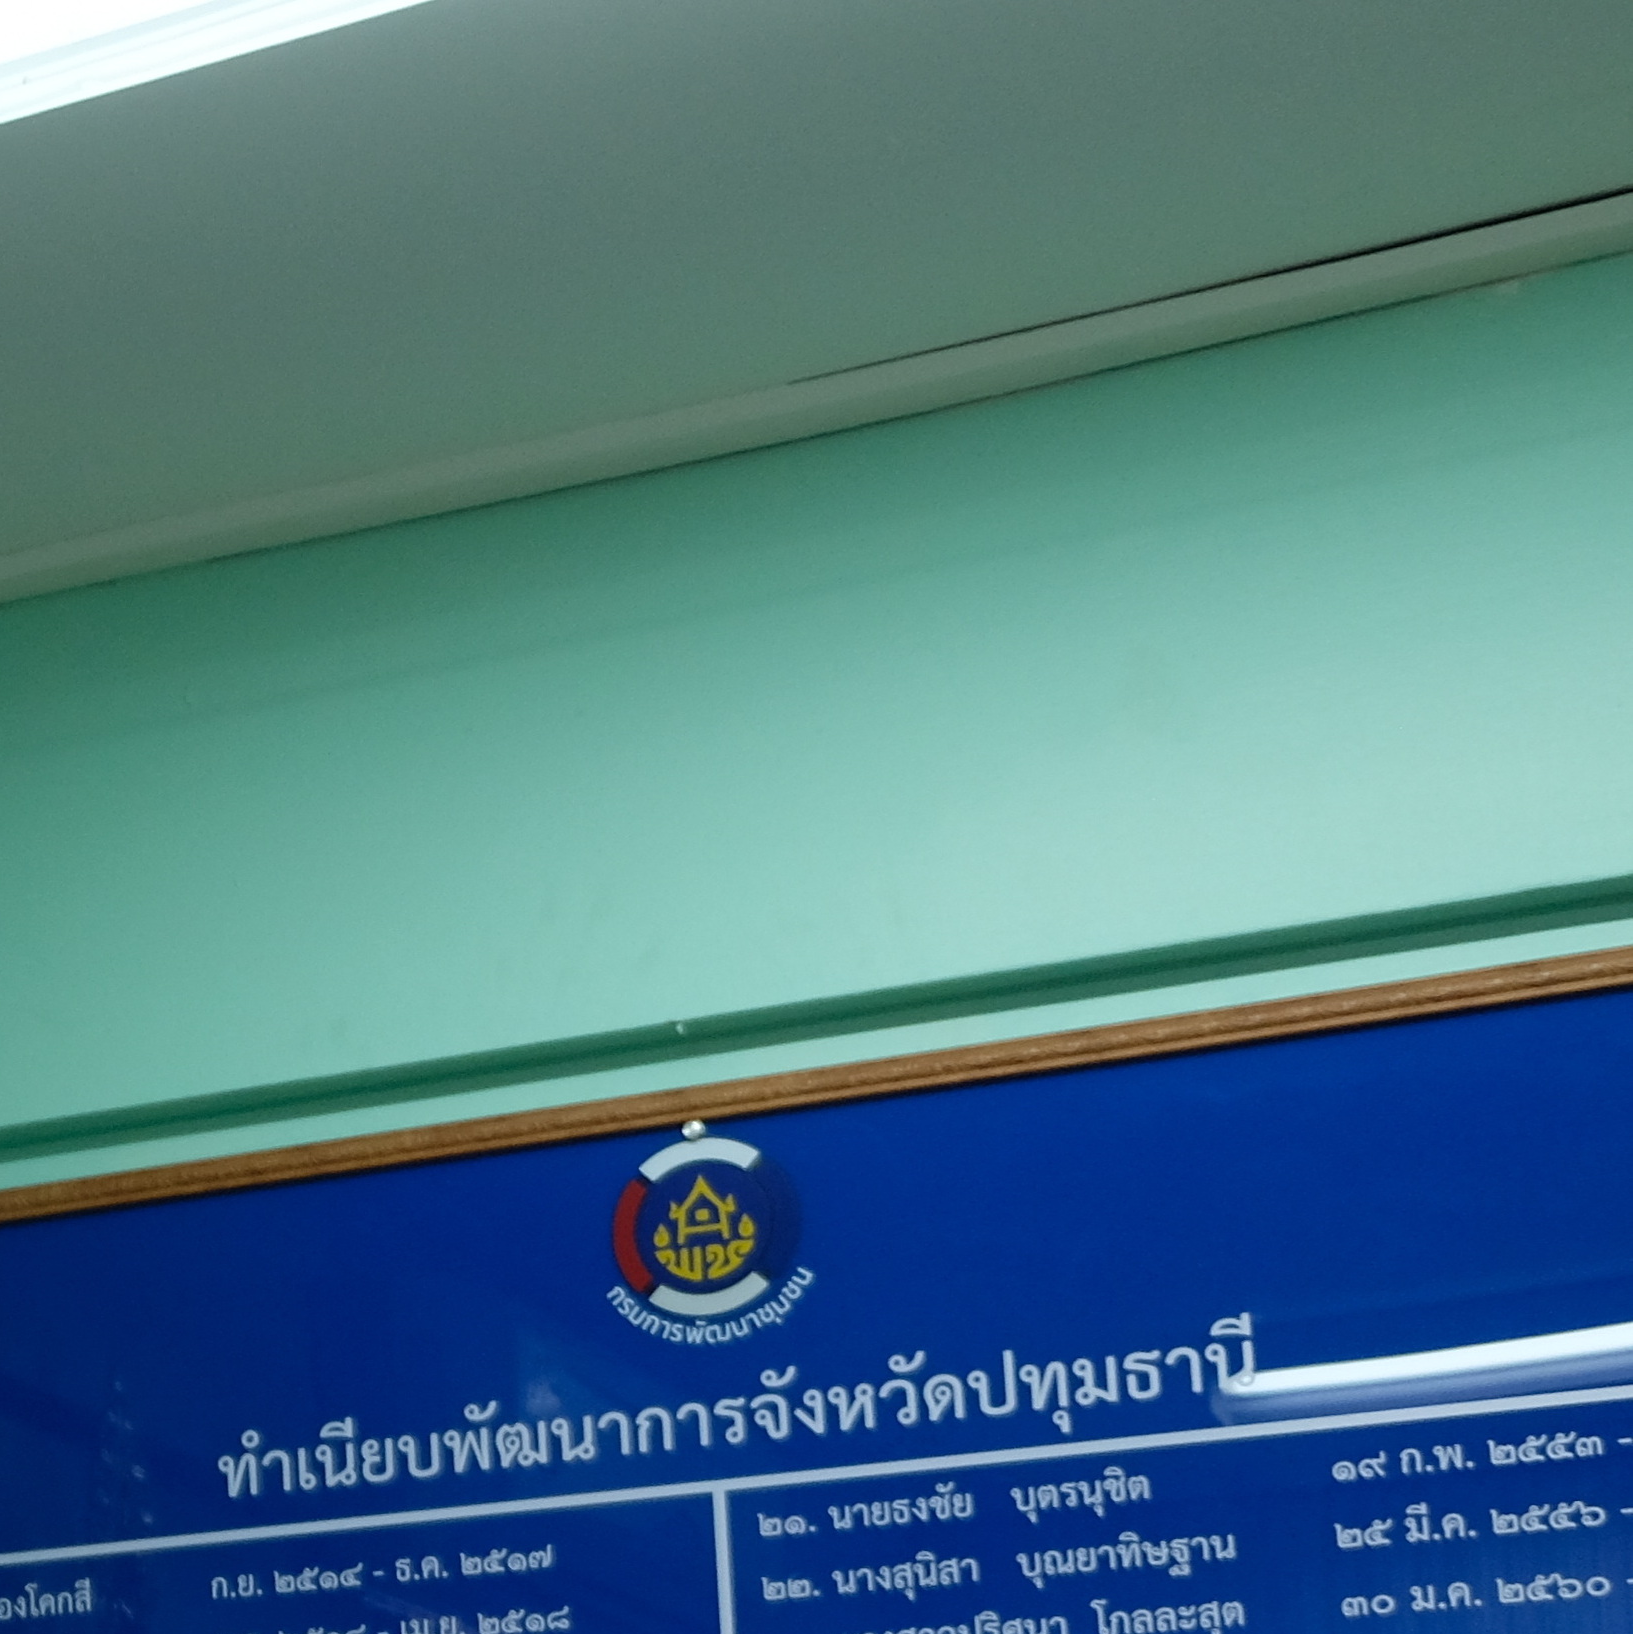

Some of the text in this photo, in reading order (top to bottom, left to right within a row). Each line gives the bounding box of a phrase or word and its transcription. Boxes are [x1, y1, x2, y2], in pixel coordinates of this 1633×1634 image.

[606, 1266, 816, 1345] กรมการพัฒนาชุมชน
[218, 1313, 1259, 1498] ทำเนียบพัฒนาการจังหวัดปทุมธานี
[1331, 1430, 1605, 1483] ๑๙ ก.พ. ๒๕๕๓
[756, 1466, 1152, 1538] ๒๑. นายธงชัย บุตรนุชิต
[1333, 1500, 1608, 1550] ๒๕ มี.ค. ๒๕๕๖
[210, 1543, 554, 1600] ก.ย. ๒๕๑๔ ธ.ค. ๒๕๑๗
[760, 1576, 822, 1602] ๒๒.
[831, 1550, 981, 1601] นางสุนิสา
[1340, 1572, 1613, 1618] ๓๐ ม.ค. ๒๕๖๐
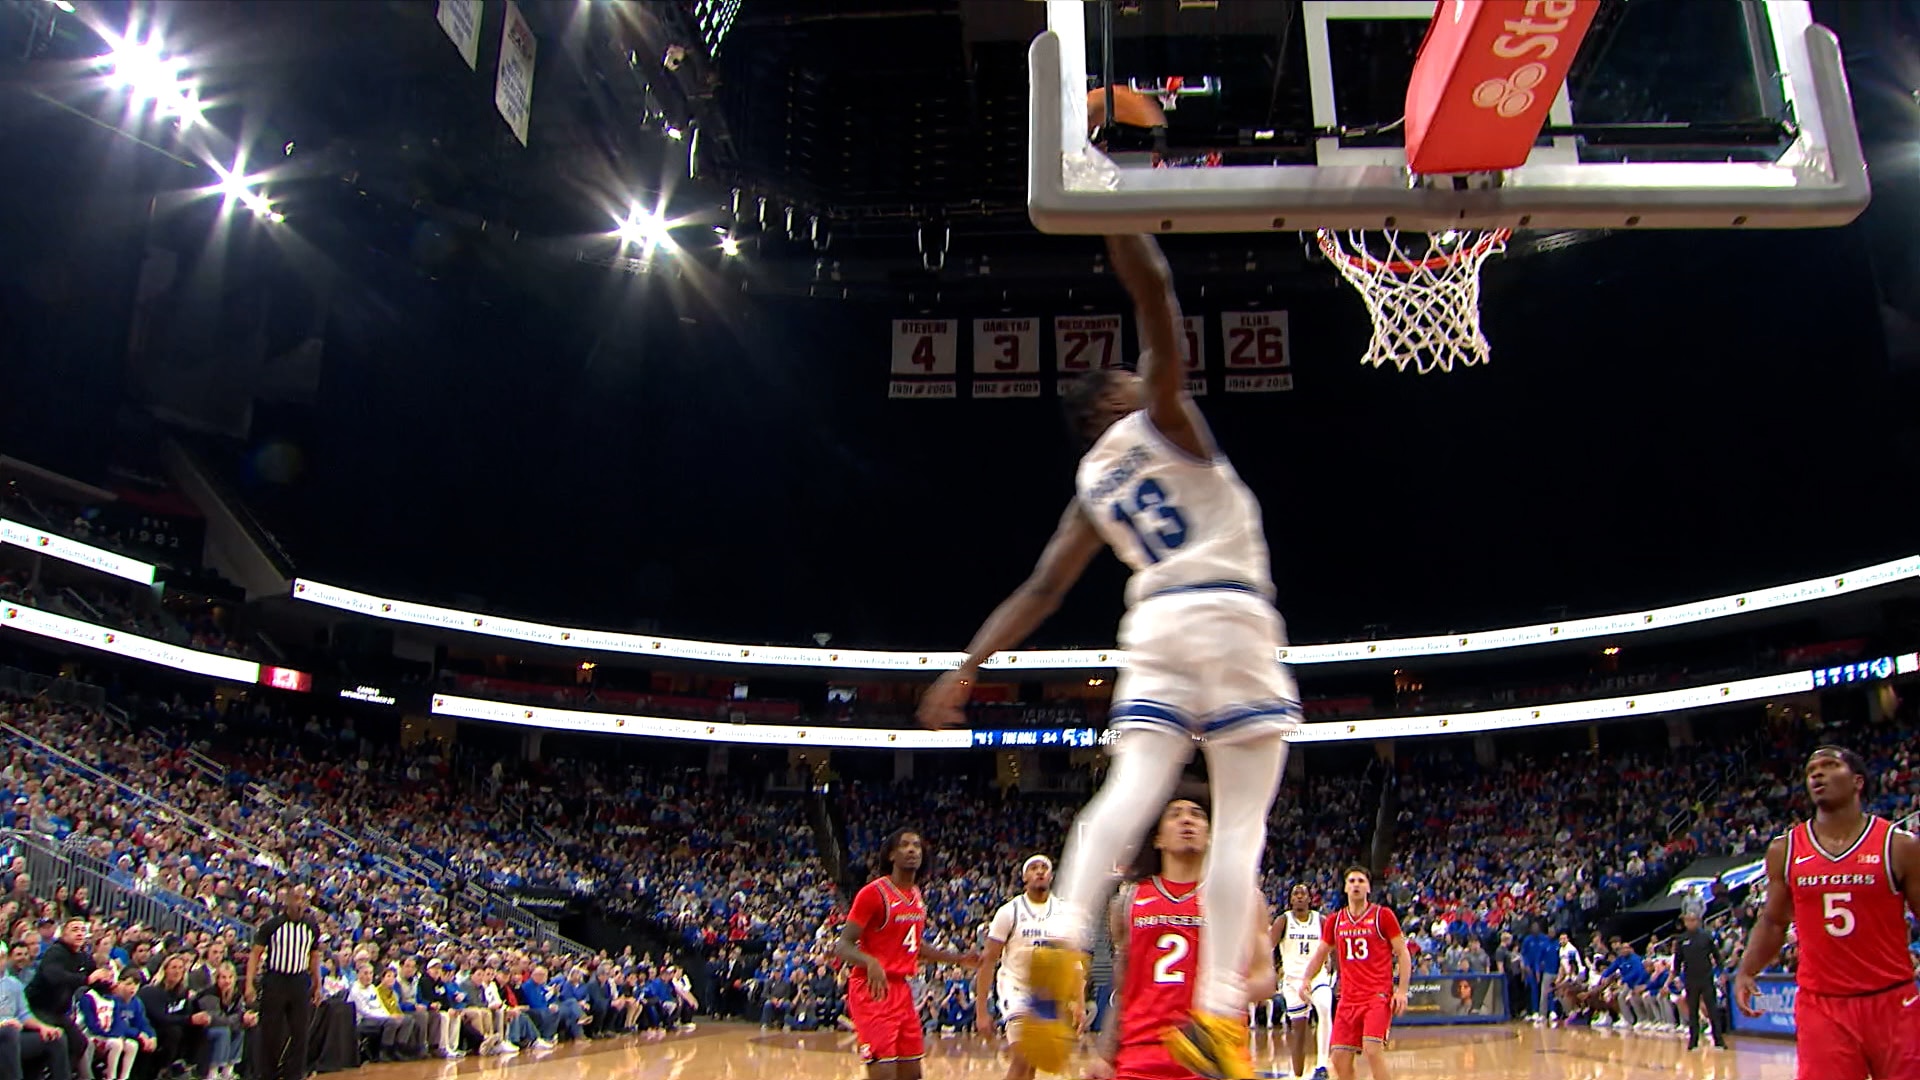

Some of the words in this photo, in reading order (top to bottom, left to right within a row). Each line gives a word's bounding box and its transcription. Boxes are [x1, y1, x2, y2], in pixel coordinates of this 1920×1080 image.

[1240, 316, 1270, 326] ELIAS
[912, 336, 935, 371] 4
[994, 335, 1019, 370] 3
[1063, 332, 1114, 368] 27
[1229, 327, 1283, 365] 26
[1112, 478, 1187, 564] 13
[1797, 874, 1875, 887] RUTGERS
[1823, 892, 1856, 937] 5
[902, 924, 918, 953] 4
[1299, 941, 1310, 955] 14
[1345, 938, 1369, 961] 13
[1154, 933, 1190, 984] 2
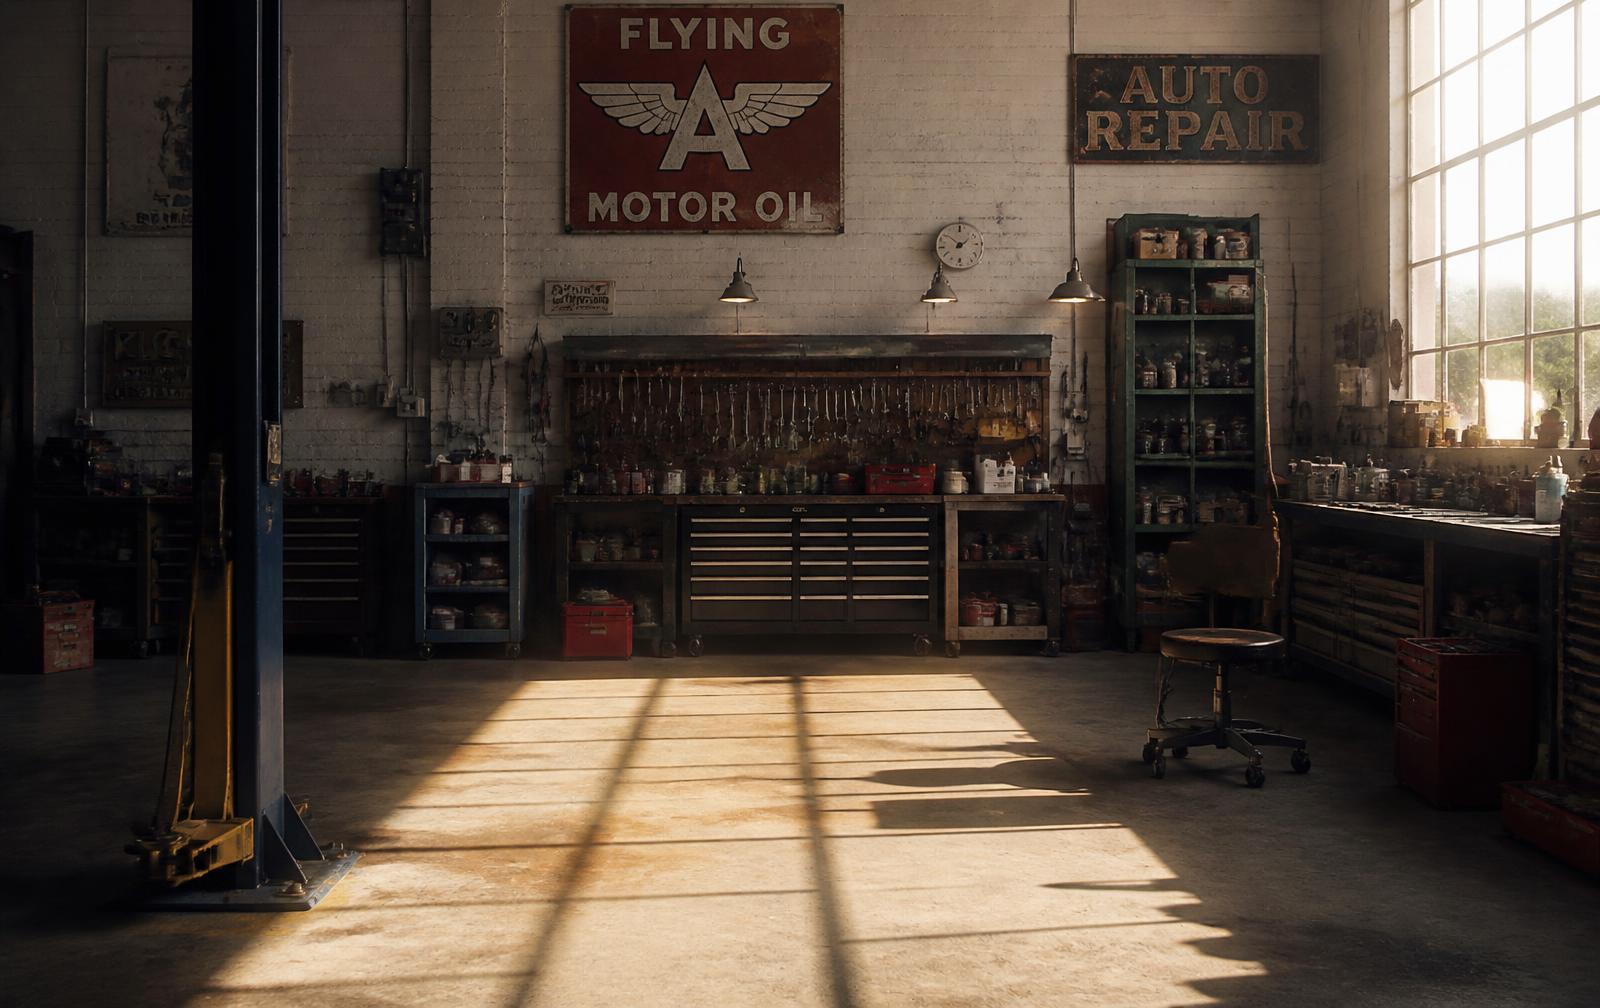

•••••

## BRIEF
With the images removed, give back every entry exactly as shown.

## EXERCISE RESULT
Some of the text in this photo, in reading order (top to bottom, left to right within a row). Each line gives the bounding box of a phrase or word and its transcription. Boxes are [x1, y1, x2, y2], in pixel coordinates of this 1633×1634 image.

[606, 1266, 816, 1345] กรมการพัฒนาชุมชน
[218, 1313, 1259, 1498] ทำเนียบพัฒนาการจังหวัดปทุมธานี
[1331, 1430, 1605, 1483] ๑๙ ก.พ. ๒๕๕๓
[756, 1466, 1152, 1538] ๒๑. นายธงชัย บุตรนุชิต
[1333, 1500, 1608, 1550] ๒๕ มี.ค. ๒๕๕๖
[210, 1543, 554, 1600] ก.ย. ๒๕๑๔ ธ.ค. ๒๕๑๗
[760, 1576, 822, 1602] ๒๒.
[831, 1550, 981, 1601] นางสุนิสา
[1340, 1572, 1613, 1618] ๓๐ ม.ค. ๒๕๖๐

Some of the words in this photo, in reading order (top to bottom, left to right within a row). Each line gives a word's bounding box and its transcription. Boxes are [x1, y1, x2, y2], in pixel coordinates of this 1920×1080 image.

[1240, 316, 1270, 326] ELIAS
[912, 336, 935, 371] 4
[994, 335, 1019, 370] 3
[1063, 332, 1114, 368] 27
[1229, 327, 1283, 365] 26
[1112, 478, 1187, 564] 13
[1797, 874, 1875, 887] RUTGERS
[1823, 892, 1856, 937] 5
[902, 924, 918, 953] 4
[1299, 941, 1310, 955] 14
[1345, 938, 1369, 961] 13
[1154, 933, 1190, 984] 2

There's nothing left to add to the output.